How much longer will it be before the translation industry is forced to cooperate?  The environmental certifications already exist. LSP’s can have environmental or unenvironmental practices, just like any other company. Our product may be words, but it takes power to generate those words and get them to our clients. Do we keep our laptops turned to “balanced” or to “power saver”?  Do we turn off the computer when we leave? And when your LSP buys new computers, what happens to the old ones?

As business to consumer (B2C) clients become more and more regulated regarding their own carbon footprints, the mark LSP’s leave on the world may one day impact whether B2C companies are able to do business with us. Walmart has already started requiring environmental certification of its suppliers whenever certification is available.
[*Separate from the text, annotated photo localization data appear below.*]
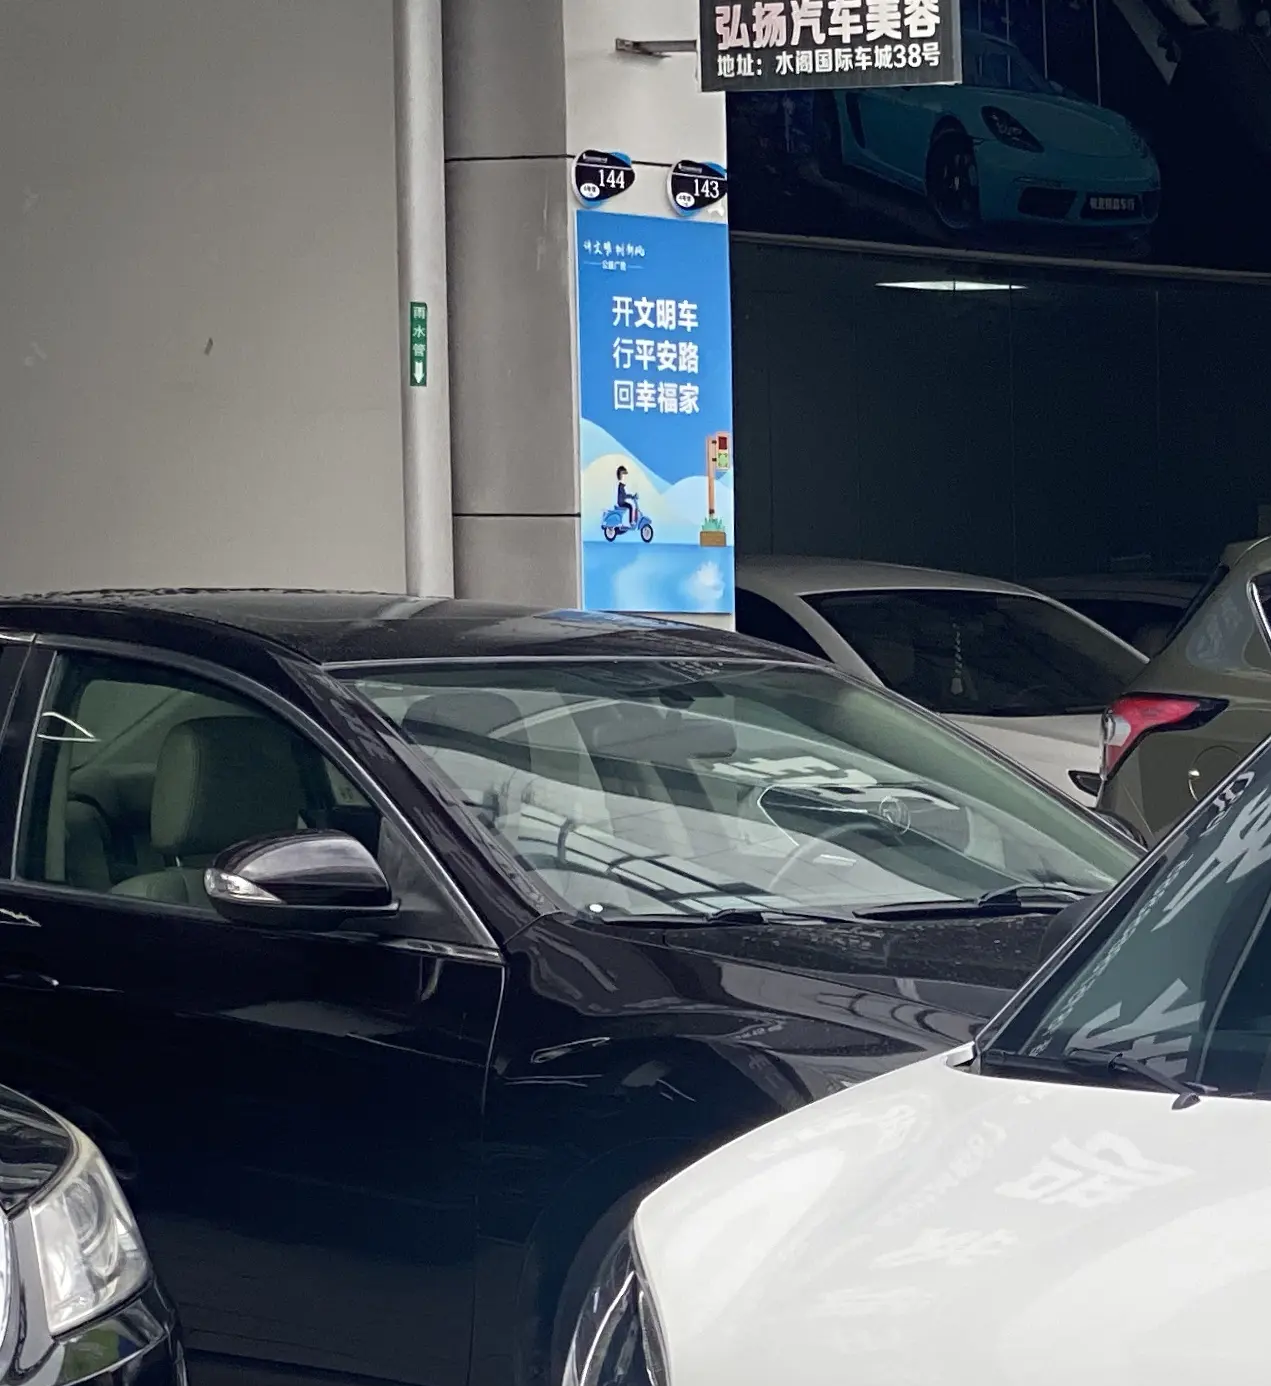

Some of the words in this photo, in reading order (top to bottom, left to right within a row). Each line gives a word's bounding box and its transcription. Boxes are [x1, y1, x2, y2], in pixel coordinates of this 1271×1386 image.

[715, 0, 940, 50] 弘扬汽车美容
[598, 169, 625, 189] 144
[693, 179, 720, 199] 143
[612, 296, 699, 332] 开文明车
[612, 337, 699, 374] 行平安路
[613, 379, 700, 415] 回幸福家
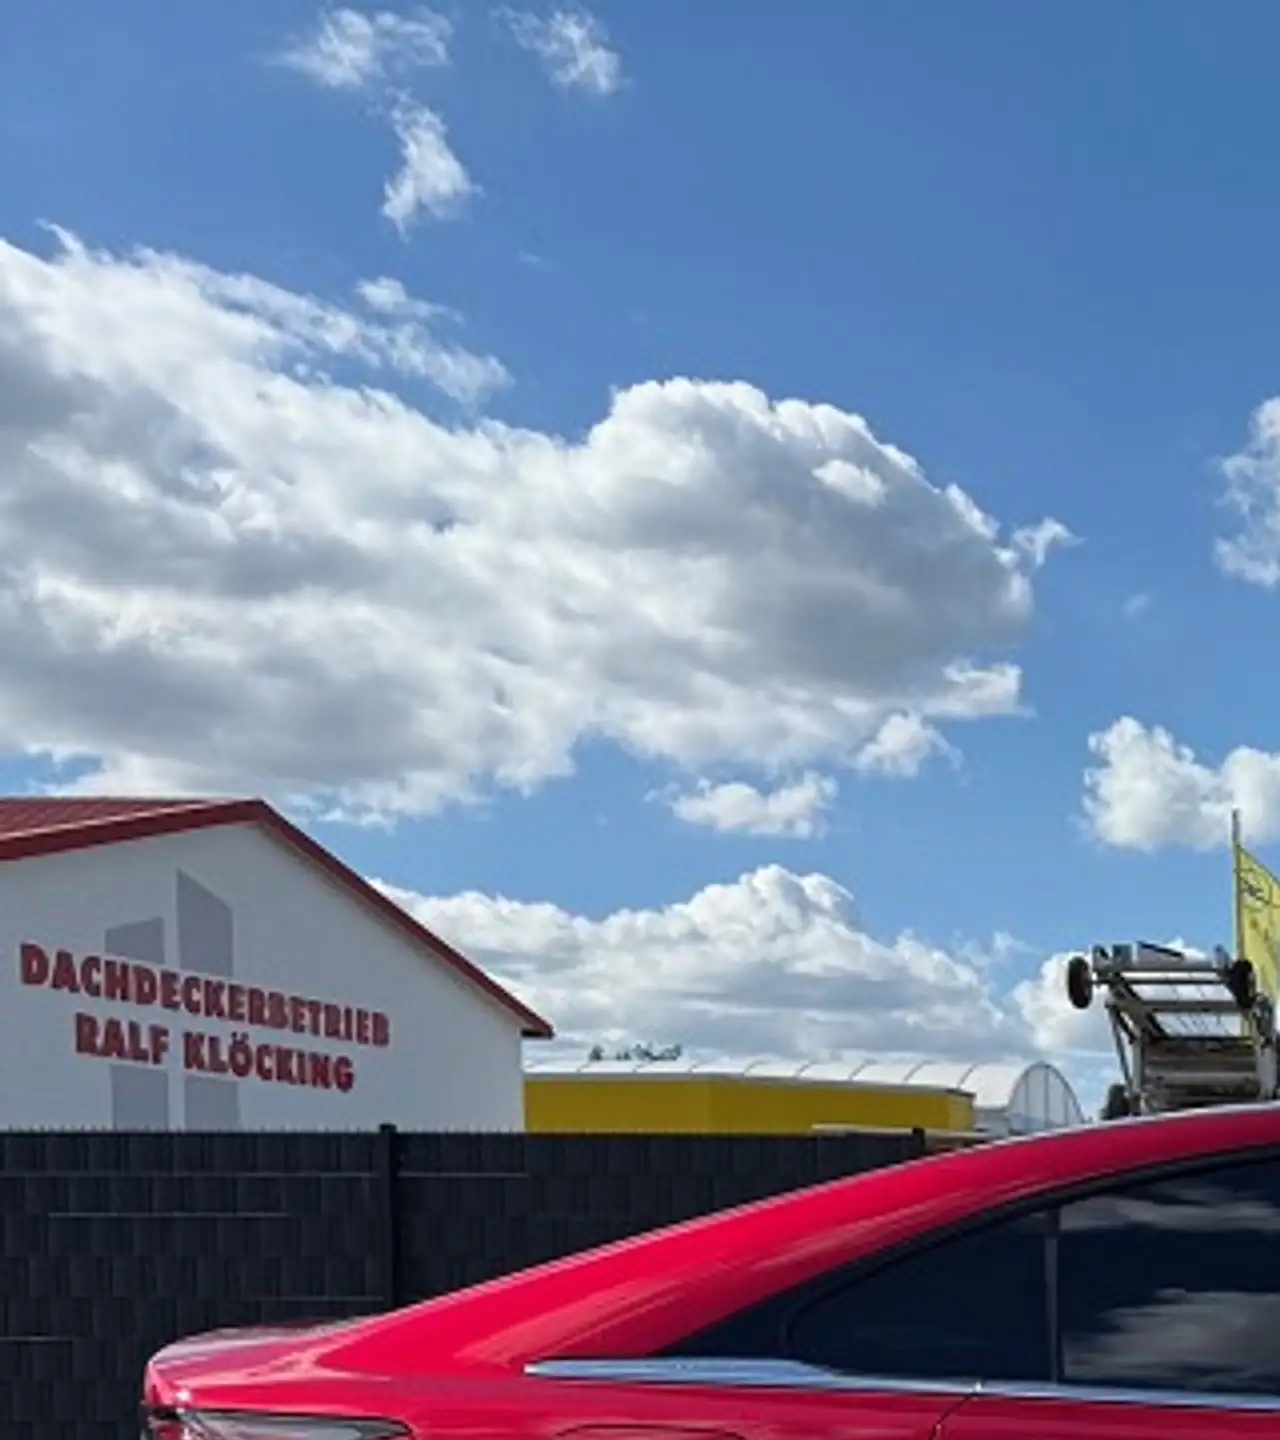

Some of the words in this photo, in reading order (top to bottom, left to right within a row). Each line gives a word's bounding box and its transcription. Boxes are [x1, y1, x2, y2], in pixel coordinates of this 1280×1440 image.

[19, 941, 391, 1048] DACHDECKERBETRIEB
[75, 1012, 170, 1065] RALF
[183, 1031, 355, 1092] KLÖCKING
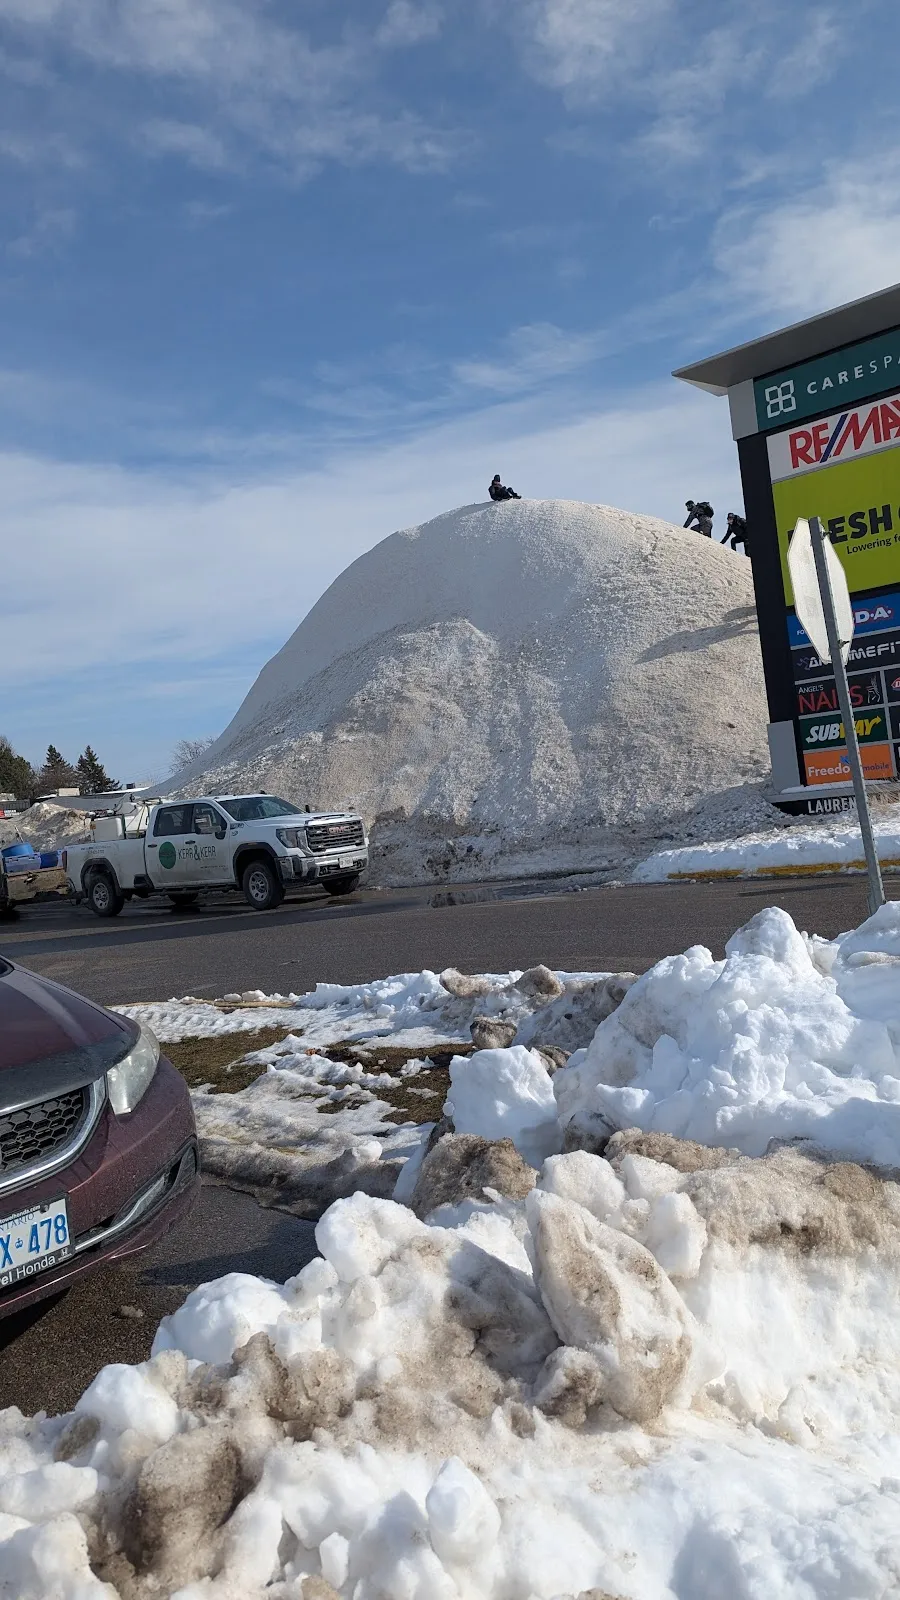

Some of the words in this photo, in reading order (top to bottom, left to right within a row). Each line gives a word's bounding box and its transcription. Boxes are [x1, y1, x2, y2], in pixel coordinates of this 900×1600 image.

[806, 355, 900, 394] CARESP
[787, 504, 892, 545] ESH
[846, 537, 892, 555] Lowering
[798, 685, 864, 713] NAIS
[807, 762, 851, 777] Freedo
[807, 796, 856, 814] LAUREN
[28, 1214, 68, 1255] 478
[0, 1271, 13, 1285] el
[16, 1255, 56, 1279] Honda
While not yet a requirement, environmental certification is also preferred for vendors at Starbucks, SAP and H&M. Many US municipal and state requests for proposals (RFP’s) now have sections where they ask bidders to detail their environmental practices, use of Energy Star utilities, and environmental certifications held. Which one of your clients will be next?

Environmental management certification for LSP’s is already is available. It’s just that abashedly few of us have it. My company, In Every Language, is the only LSP certified as a B Corporation, which is a certification not just for environmental practices, but for CSR as a whole. Only three LSP’s are certified by Green America: Lazar & Associates, Oregon Translations and Green Translations. On an international level, ISO 14001:2004 is available for environmental management, but I only know of four LSP’s that have it: Yamagata Europe, Eco Trans, Intrasoft International and Wolfestone Translation. So basically, with three certifications available, only eight companies worldwide are meeting this growing client need. And while I’m sure I can speak for the other seven when I say we’re happy to keep the business for ourselves, just as our clients face a responsibility to their customers in ensuring environmentally-responsible sourcing through the supply chain, we face the responsibility of making it easier for them. Obtaining certification is part of standard operating procedure for a US-based woman or minority-owned LSP; certification should become a standard for “green” LSP’s. This is the micro-action we must take in light of the macro-trend. The customer-centric LSP owner puts the needs of his customer first and, for more and more of our customers, this is the up-and-coming need.